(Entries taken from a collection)

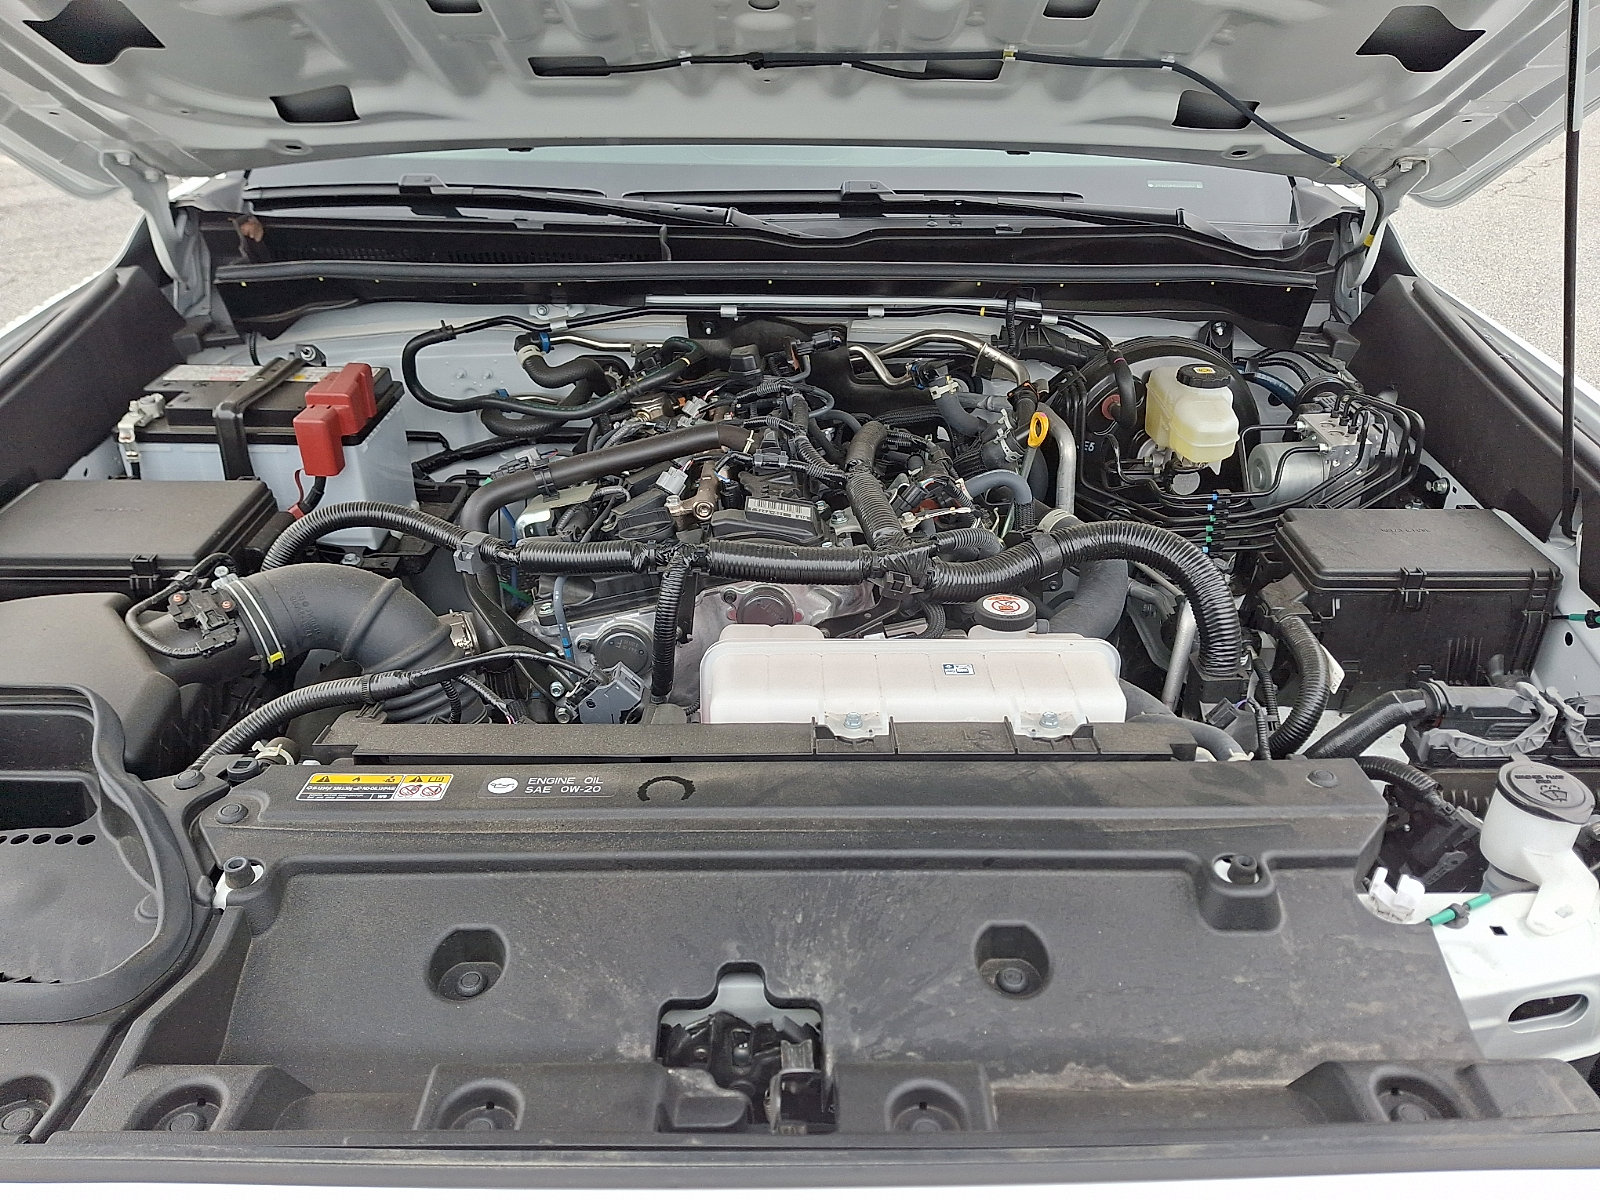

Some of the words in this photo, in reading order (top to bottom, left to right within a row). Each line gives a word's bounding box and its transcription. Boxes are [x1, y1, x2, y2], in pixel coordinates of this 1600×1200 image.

[527, 776, 576, 785] ENGINE
[583, 776, 604, 784] OIL
[524, 785, 553, 794] SAE
[560, 785, 602, 793] 0W-20

* [EXERCISE BRIEF]: What you return must match the data above exactly, with no images included.

* [FINISHED EXERCISE]:
Some of the words in this photo, in reading order (top to bottom, left to right within a row). Each line gives a word's bounding box and its transcription. Boxes are [x1, y1, x2, y2], in pixel coordinates of this 1600×1200 image.

[527, 776, 576, 785] ENGINE
[583, 776, 604, 784] OIL
[524, 785, 553, 794] SAE
[560, 785, 602, 793] 0W-20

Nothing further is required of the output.